Man betrachte, was wir bereits geschafft haben. Wir fliegen hoch über den Wolken, wir tauchen tief im Meer. Wir ersticken an der Luft und atmen unter Wasser. Was ist nur passiert? Unsere Autos sind in der Lage alleine zu fahren - automatisiert. Unsere Maschinen können nun einen Menschen ersetzen, um unsere Bedürfnisse zu befriedigen. Industrie. Wir sind in der Lage, alles zu erreichen. Wir können eine künstliche Intelligenz programmieren. Wir haben den Hang zum Unmöglichen, aber was ist schon unmöglich?

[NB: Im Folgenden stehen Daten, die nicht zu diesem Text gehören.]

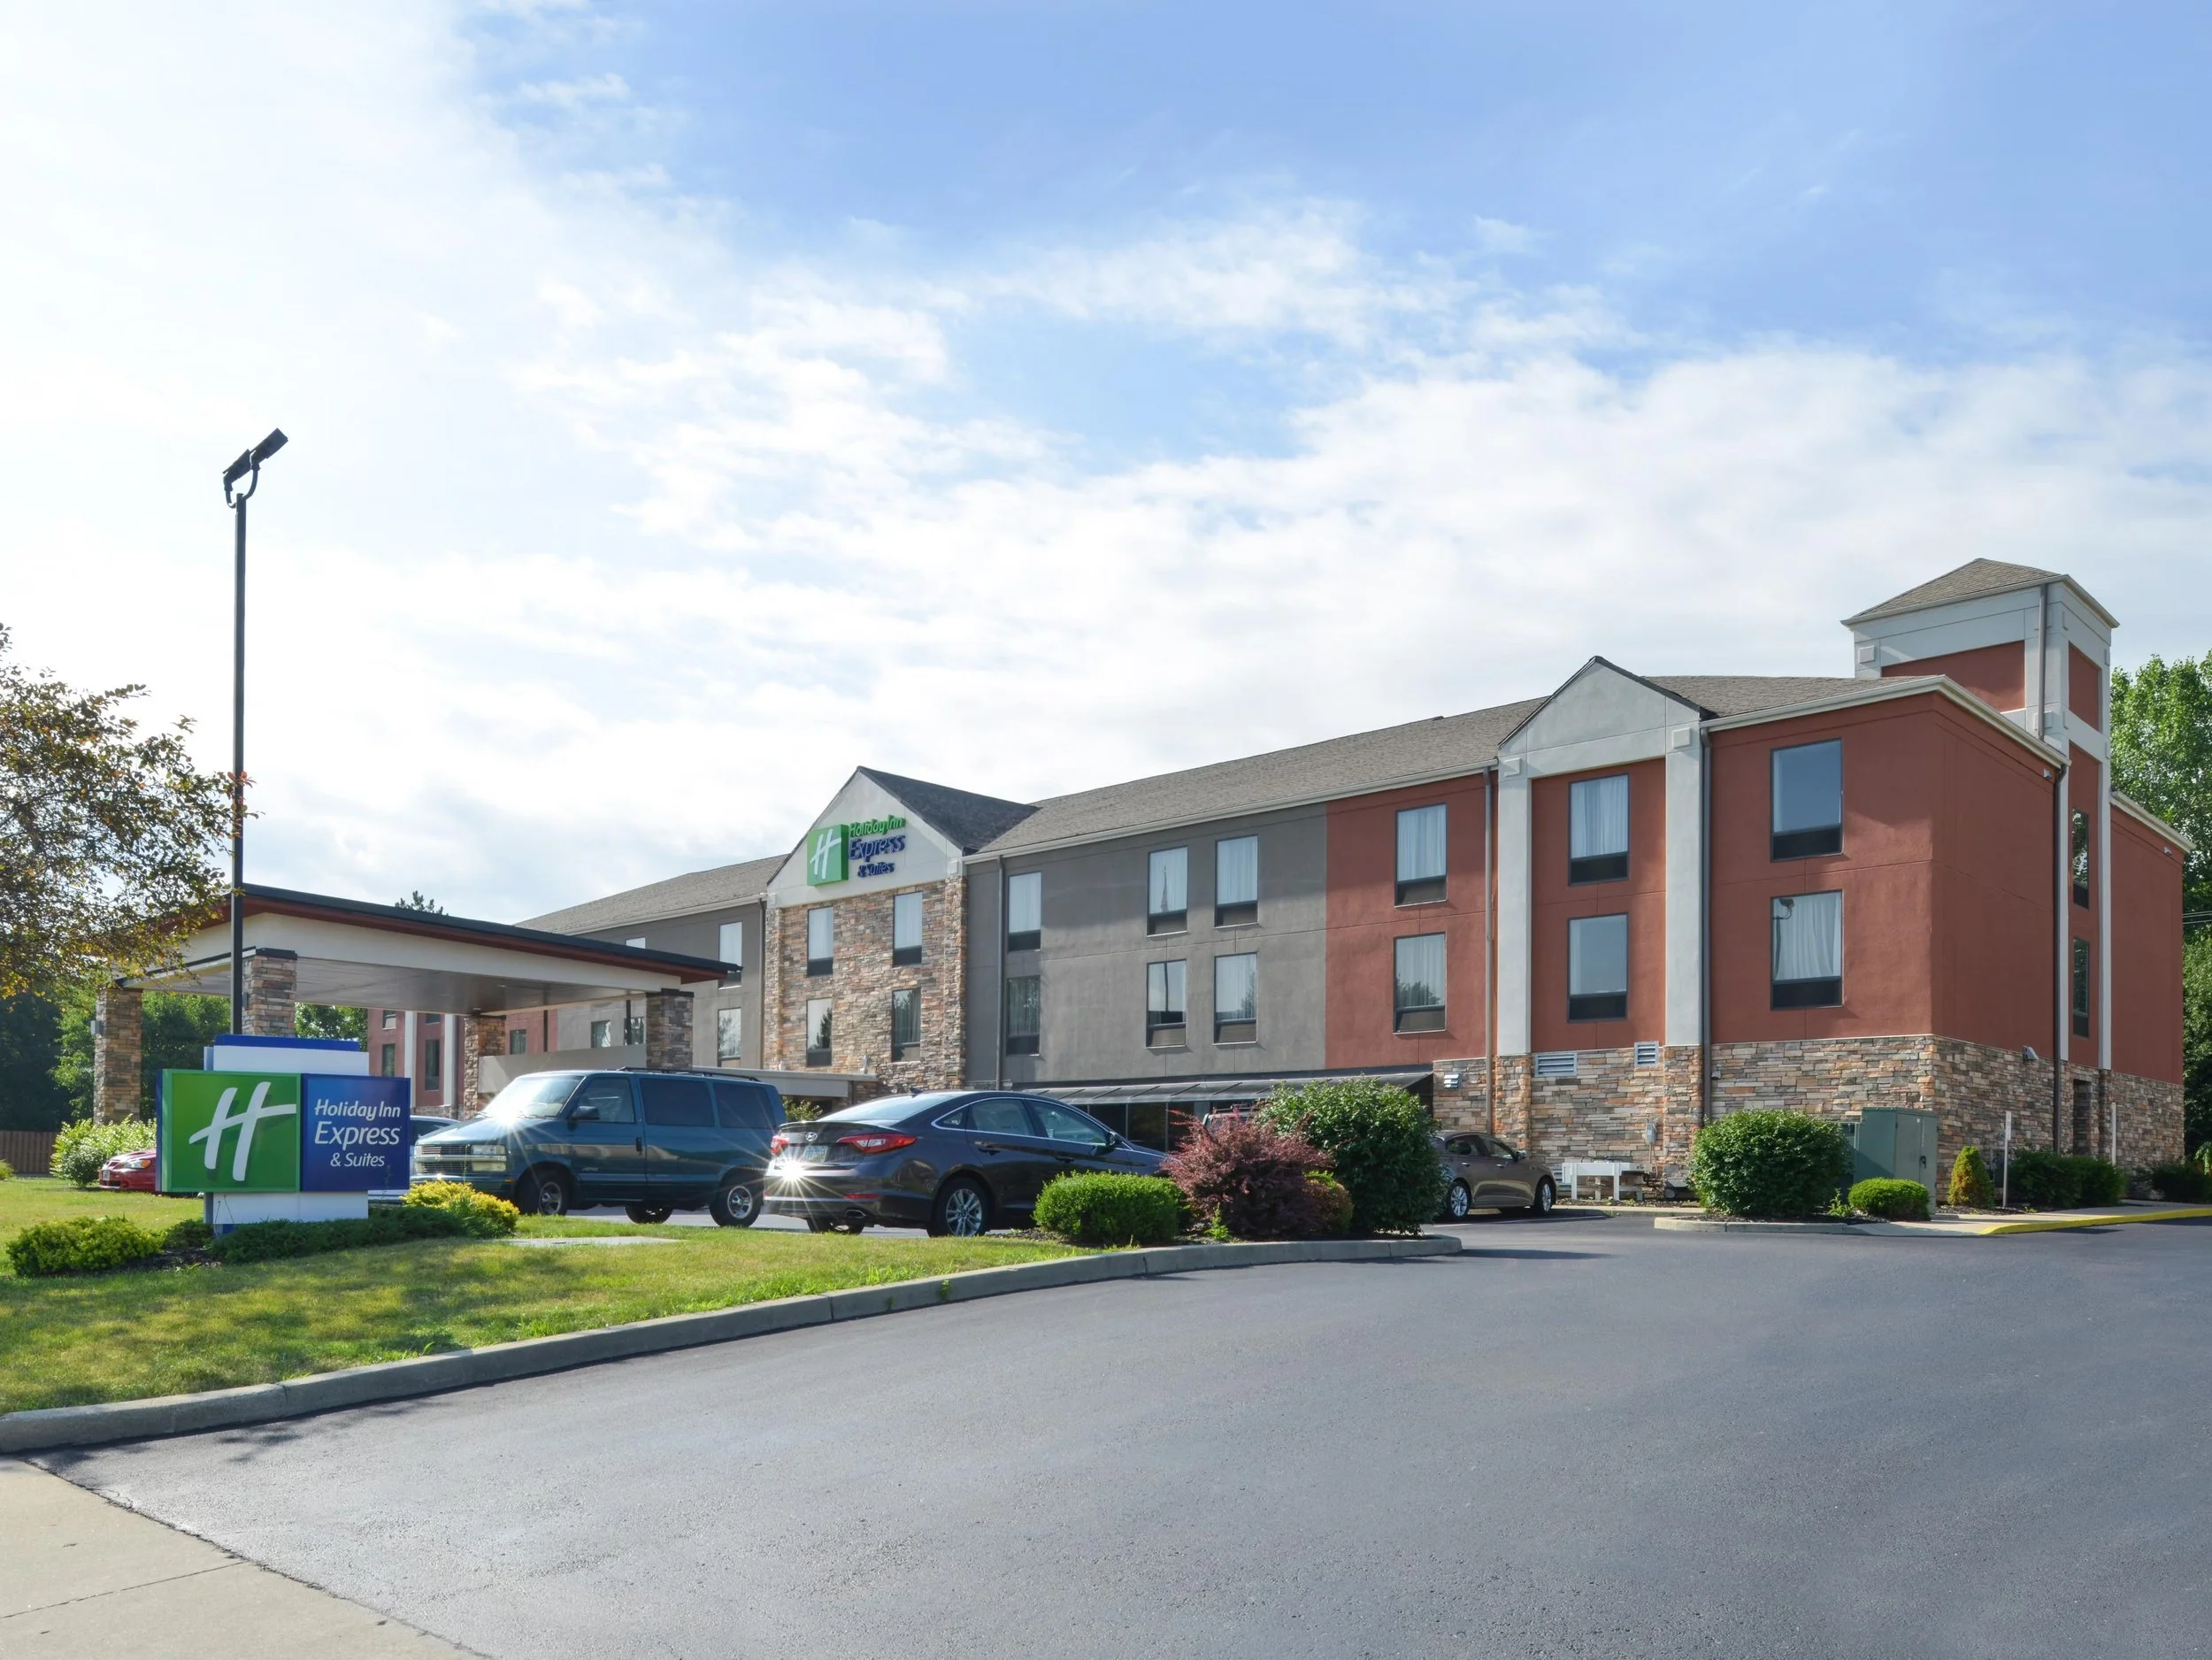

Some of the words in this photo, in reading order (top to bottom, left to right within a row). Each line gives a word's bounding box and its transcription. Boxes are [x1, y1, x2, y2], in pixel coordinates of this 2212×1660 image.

[849, 818, 887, 838] Holiday
[887, 814, 906, 830] Inn
[810, 828, 841, 880] H
[849, 834, 906, 862] Express
[857, 865, 867, 878] &
[866, 862, 895, 876] Suites
[314, 1099, 377, 1121] Holiday
[378, 1101, 401, 1118] Inn
[188, 1081, 296, 1181] H
[314, 1120, 401, 1150] Express
[330, 1152, 341, 1167] &
[343, 1152, 386, 1167] Suites
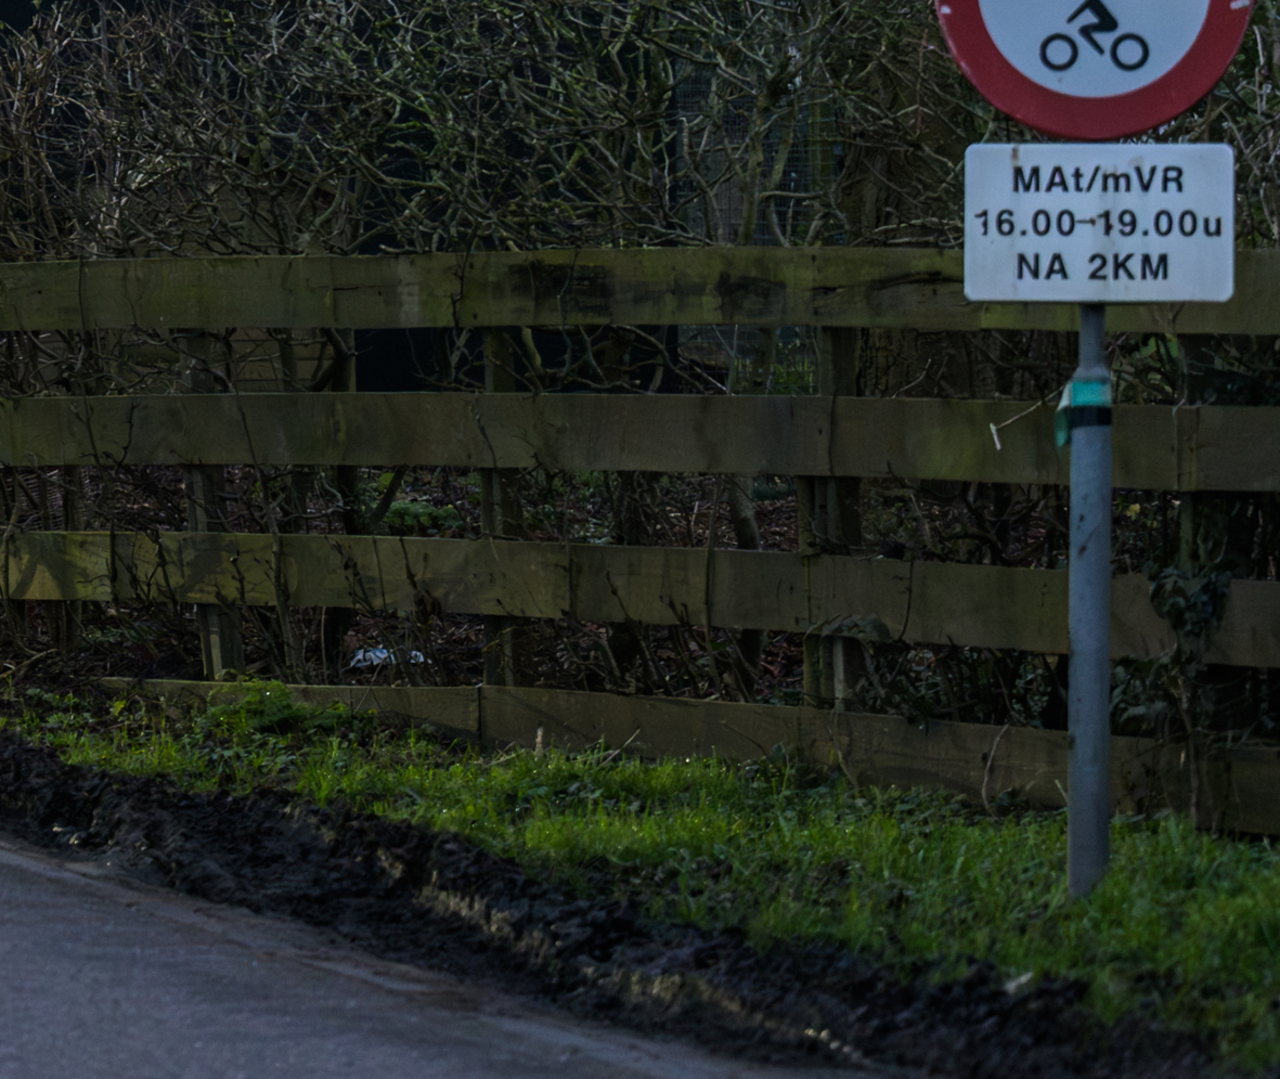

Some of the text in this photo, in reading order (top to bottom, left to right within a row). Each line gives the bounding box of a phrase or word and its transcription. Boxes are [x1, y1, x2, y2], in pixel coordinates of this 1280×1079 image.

[1012, 165, 1183, 193] MAt/mVR
[1017, 253, 1168, 280] NA 2KM
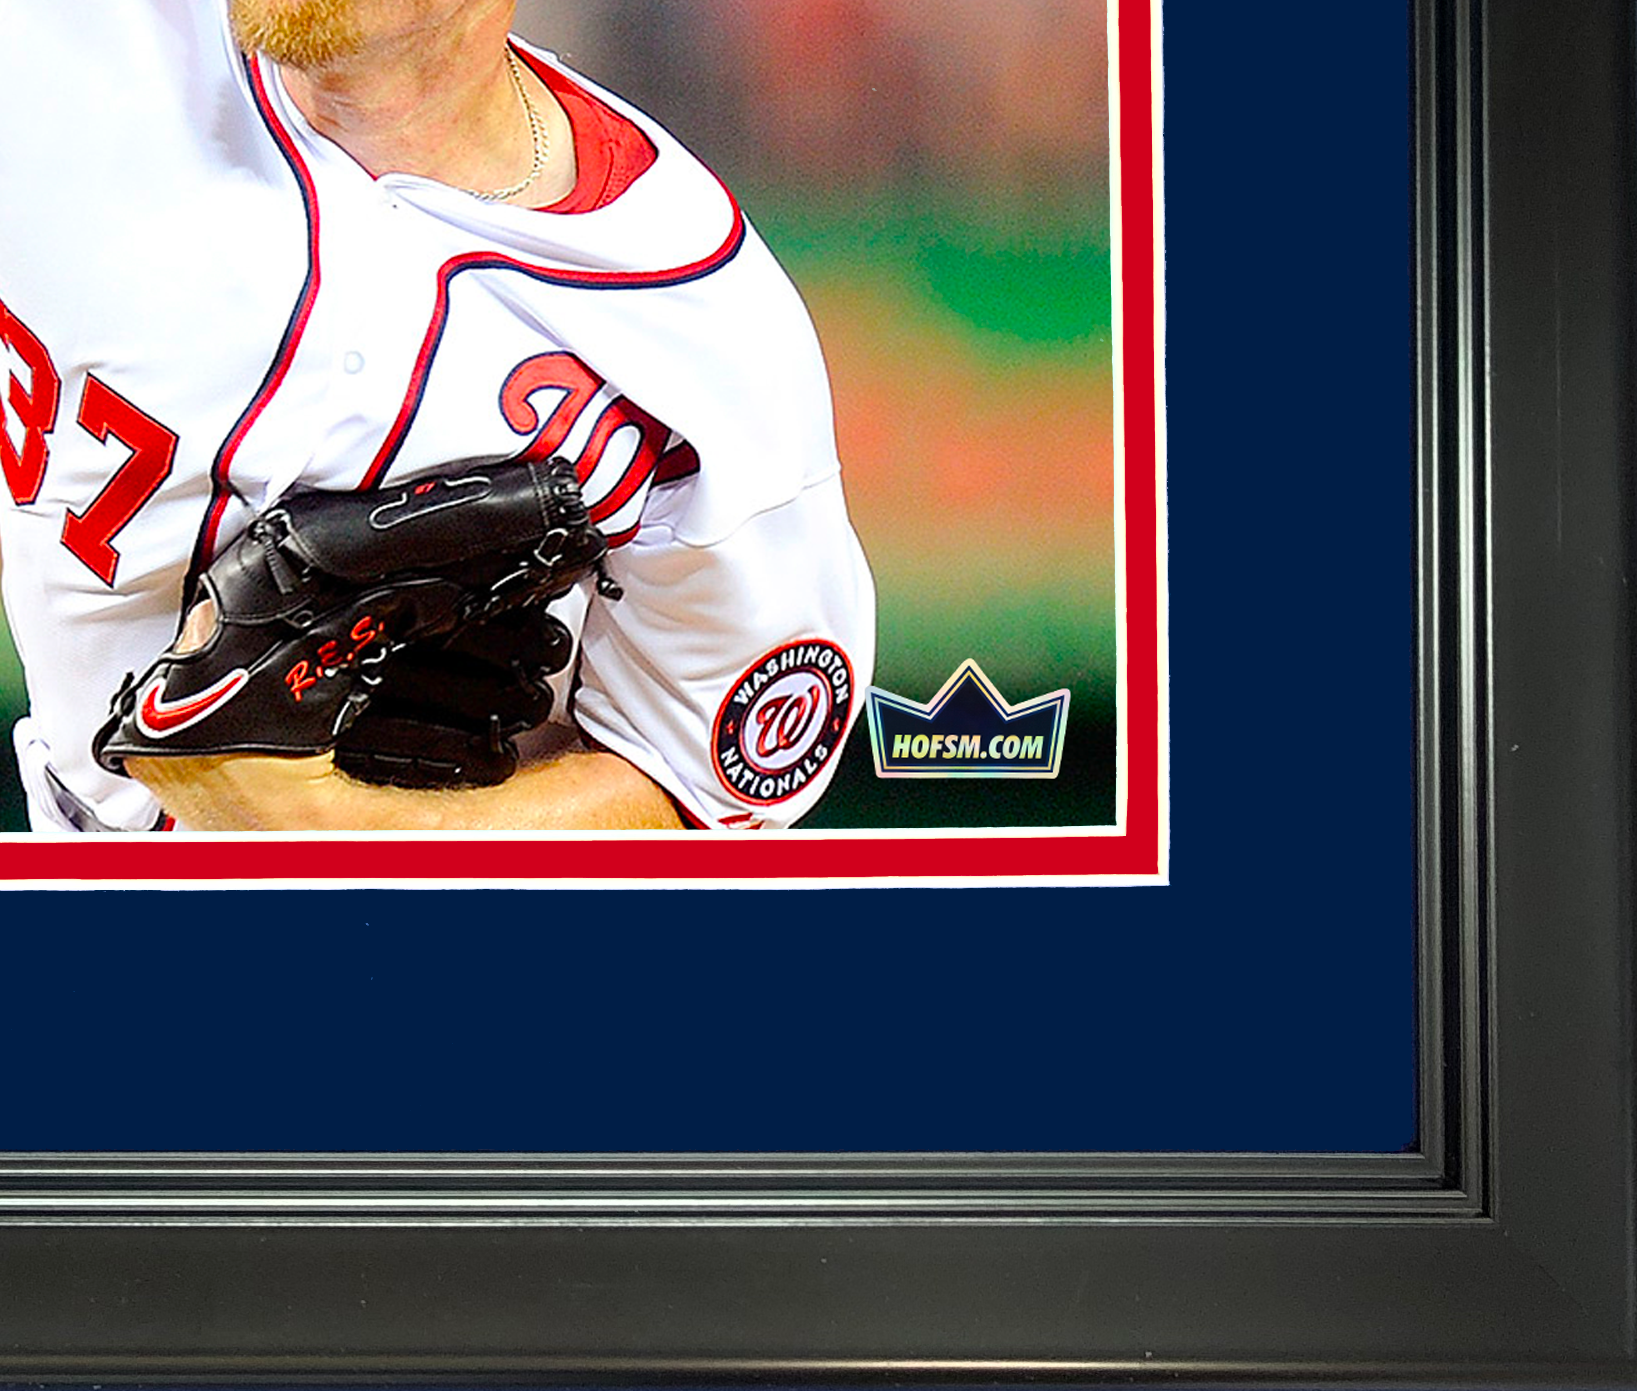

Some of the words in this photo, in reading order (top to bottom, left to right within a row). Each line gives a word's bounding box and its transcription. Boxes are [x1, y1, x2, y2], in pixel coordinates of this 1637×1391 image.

[734, 645, 849, 705] WASHINGTON
[756, 685, 821, 758] W
[720, 743, 828, 798] NATIONALS
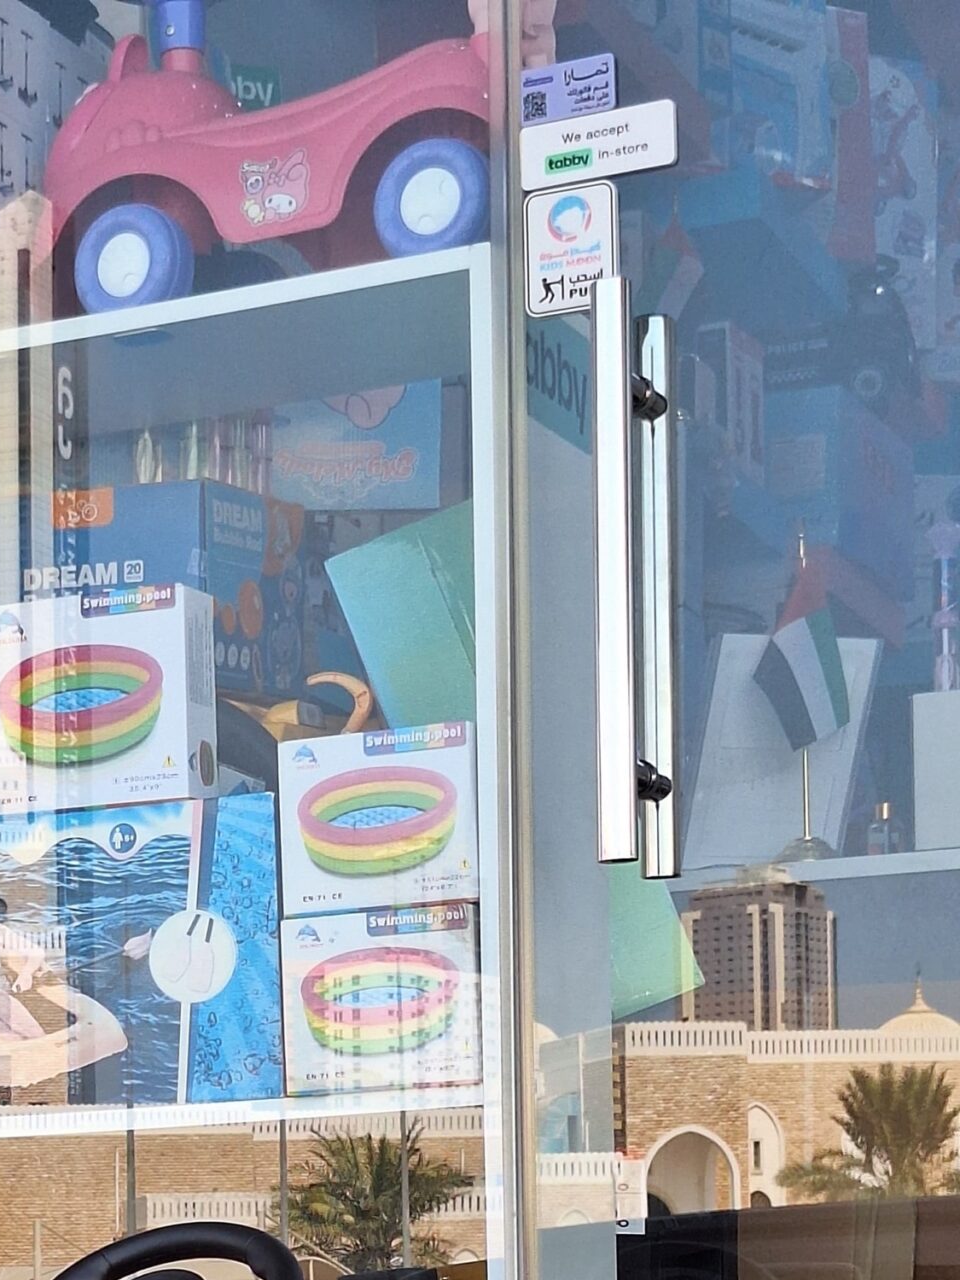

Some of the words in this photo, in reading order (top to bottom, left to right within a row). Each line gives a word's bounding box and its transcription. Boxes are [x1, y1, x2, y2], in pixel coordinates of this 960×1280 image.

[563, 61, 610, 87] تمارا
[561, 132, 582, 145] We
[585, 123, 630, 141] accept
[548, 154, 590, 171] tabby
[597, 142, 649, 160] in-store
[568, 268, 604, 287] اسحب
[568, 286, 589, 300] PU
[526, 331, 587, 436] abby
[22, 561, 118, 592] DREAM
[126, 562, 142, 576] 20

Man betrachte, was wir noch nicht geschafft haben. Menschen werden von Menschen unterschieden. Wir denken, dass wir alle verschieden sind. Andere "Rassen". Wie Hunde. Klassifiziert man Hunde? Sind manche Hunde ausgegrenzt, weil sie eine andere Farbe haben? Die Antwort ist uns bewusst. Warum hassen wir andere Nationen?

Man kann sagen, dass unsere Logik überwiegt. Dass unsere Empathie irgendwo unter dem Grundwasser zu finden ist, aber wer bin ich schon? Wieso nehme ich mir das Recht heraus sowas zu sagen? 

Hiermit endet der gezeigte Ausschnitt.